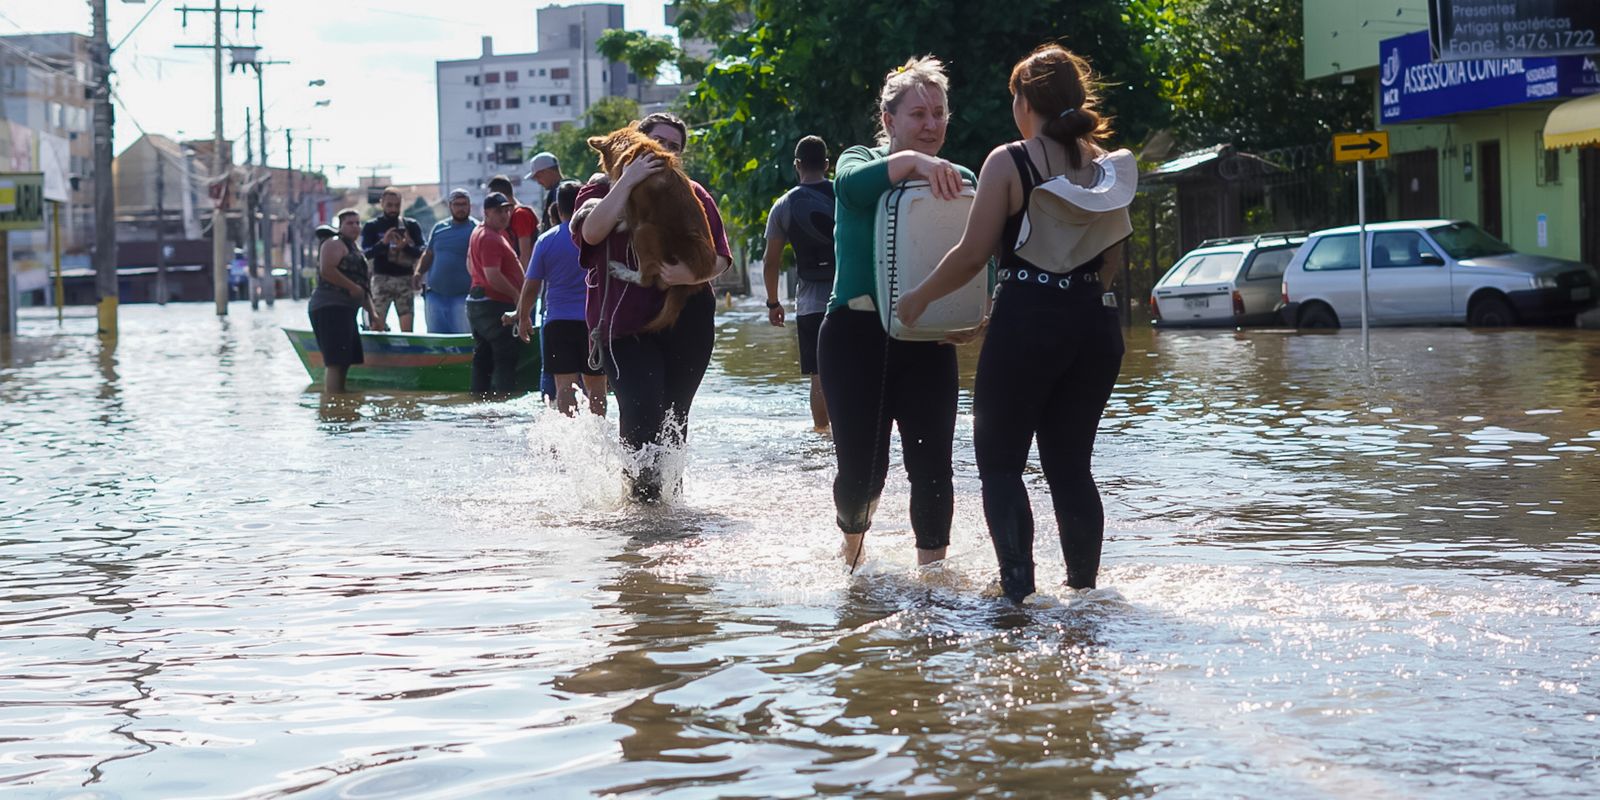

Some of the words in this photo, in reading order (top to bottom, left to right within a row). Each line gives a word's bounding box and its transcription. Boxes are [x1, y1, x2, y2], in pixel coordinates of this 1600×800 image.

[1452, 4, 1516, 17] Presentes
[1454, 22, 1499, 36] Artigos
[1449, 38, 1500, 54] Fone:
[1505, 30, 1596, 51] 3476.1722
[1403, 61, 1467, 94] ASSESSORIA

********************

What you should do = Omitting the pictures, repeat all entries exactly.

Exercise output =
Some of the words in this photo, in reading order (top to bottom, left to right within a row). Each line gives a word's bounding box and its transcription. Boxes are [x1, y1, x2, y2], in pixel coordinates of this 1600×800 image.

[1452, 4, 1516, 17] Presentes
[1454, 22, 1499, 36] Artigos
[1449, 38, 1500, 54] Fone:
[1505, 30, 1596, 51] 3476.1722
[1403, 61, 1467, 94] ASSESSORIA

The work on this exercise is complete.